Work order:
Everything from the line with "this 1080×1117 image." to the end of the material is to be retyped exactly, both ends included, and nothing else.

Records for processing:
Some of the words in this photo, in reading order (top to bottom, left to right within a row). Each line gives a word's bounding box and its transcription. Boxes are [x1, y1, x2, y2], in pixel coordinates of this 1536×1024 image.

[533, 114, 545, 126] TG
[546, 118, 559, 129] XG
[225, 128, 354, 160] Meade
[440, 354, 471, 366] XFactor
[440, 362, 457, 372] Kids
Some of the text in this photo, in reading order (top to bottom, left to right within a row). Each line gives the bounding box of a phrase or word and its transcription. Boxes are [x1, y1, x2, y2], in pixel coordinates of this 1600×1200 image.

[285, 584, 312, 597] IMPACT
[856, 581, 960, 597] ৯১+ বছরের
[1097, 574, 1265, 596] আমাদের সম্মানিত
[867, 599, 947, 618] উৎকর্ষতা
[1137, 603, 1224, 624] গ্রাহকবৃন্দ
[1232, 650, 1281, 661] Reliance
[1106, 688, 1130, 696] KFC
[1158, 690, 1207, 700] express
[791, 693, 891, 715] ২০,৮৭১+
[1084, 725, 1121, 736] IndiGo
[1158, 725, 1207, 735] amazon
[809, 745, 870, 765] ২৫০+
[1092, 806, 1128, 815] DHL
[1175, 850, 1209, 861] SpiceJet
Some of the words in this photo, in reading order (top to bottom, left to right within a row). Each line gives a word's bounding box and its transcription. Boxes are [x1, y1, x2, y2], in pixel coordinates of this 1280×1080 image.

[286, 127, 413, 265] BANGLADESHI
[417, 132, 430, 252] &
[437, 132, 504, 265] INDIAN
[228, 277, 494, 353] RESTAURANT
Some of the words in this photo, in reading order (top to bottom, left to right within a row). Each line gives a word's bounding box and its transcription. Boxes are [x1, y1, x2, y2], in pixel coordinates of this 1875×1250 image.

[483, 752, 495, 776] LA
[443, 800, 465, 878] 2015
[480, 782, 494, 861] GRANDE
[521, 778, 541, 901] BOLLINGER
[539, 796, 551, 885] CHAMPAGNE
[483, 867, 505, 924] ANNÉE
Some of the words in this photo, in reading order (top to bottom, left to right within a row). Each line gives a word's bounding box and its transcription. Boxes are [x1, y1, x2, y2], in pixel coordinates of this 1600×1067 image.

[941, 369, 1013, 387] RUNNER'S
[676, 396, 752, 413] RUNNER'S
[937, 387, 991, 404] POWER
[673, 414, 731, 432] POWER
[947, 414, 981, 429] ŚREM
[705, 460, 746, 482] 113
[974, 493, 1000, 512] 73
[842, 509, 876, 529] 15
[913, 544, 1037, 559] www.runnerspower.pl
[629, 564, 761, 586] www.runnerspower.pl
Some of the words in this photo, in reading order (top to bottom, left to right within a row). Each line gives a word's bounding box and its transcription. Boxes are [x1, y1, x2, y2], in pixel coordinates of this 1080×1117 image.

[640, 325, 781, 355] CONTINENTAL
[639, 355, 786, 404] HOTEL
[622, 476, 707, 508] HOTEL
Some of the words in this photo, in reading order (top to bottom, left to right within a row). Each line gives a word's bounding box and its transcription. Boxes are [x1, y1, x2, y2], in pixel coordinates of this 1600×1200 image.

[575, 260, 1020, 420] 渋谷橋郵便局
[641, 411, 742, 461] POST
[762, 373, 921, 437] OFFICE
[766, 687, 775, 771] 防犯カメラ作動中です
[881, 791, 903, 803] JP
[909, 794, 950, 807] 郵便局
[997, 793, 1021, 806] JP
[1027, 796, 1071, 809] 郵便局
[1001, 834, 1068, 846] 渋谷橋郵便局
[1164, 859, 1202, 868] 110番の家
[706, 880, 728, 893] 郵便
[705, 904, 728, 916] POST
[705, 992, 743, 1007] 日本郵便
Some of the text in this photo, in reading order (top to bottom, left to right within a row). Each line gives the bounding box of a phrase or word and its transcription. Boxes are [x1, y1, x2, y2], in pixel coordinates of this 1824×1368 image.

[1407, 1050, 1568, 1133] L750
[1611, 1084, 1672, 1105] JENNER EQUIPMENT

Expected output:
Some of the words in this photo, in reading order (top to bottom, left to right within a row). Each line gives a word's bounding box and its transcription. Boxes are [x1, y1, x2, y2], in pixel coordinates of this 1080×1117 image.

[640, 325, 781, 355] CONTINENTAL
[639, 355, 786, 404] HOTEL
[622, 476, 707, 508] HOTEL
Some of the words in this photo, in reading order (top to bottom, left to right within a row). Each line gives a word's bounding box and its transcription. Boxes are [x1, y1, x2, y2], in pixel coordinates of this 1600×1200 image.

[575, 260, 1020, 420] 渋谷橋郵便局
[641, 411, 742, 461] POST
[762, 373, 921, 437] OFFICE
[766, 687, 775, 771] 防犯カメラ作動中です
[881, 791, 903, 803] JP
[909, 794, 950, 807] 郵便局
[997, 793, 1021, 806] JP
[1027, 796, 1071, 809] 郵便局
[1001, 834, 1068, 846] 渋谷橋郵便局
[1164, 859, 1202, 868] 110番の家
[706, 880, 728, 893] 郵便
[705, 904, 728, 916] POST
[705, 992, 743, 1007] 日本郵便
Some of the text in this photo, in reading order (top to bottom, left to right within a row). Each line gives the bounding box of a phrase or word and its transcription. Boxes are [x1, y1, x2, y2], in pixel coordinates of this 1824×1368 image.

[1407, 1050, 1568, 1133] L750
[1611, 1084, 1672, 1105] JENNER EQUIPMENT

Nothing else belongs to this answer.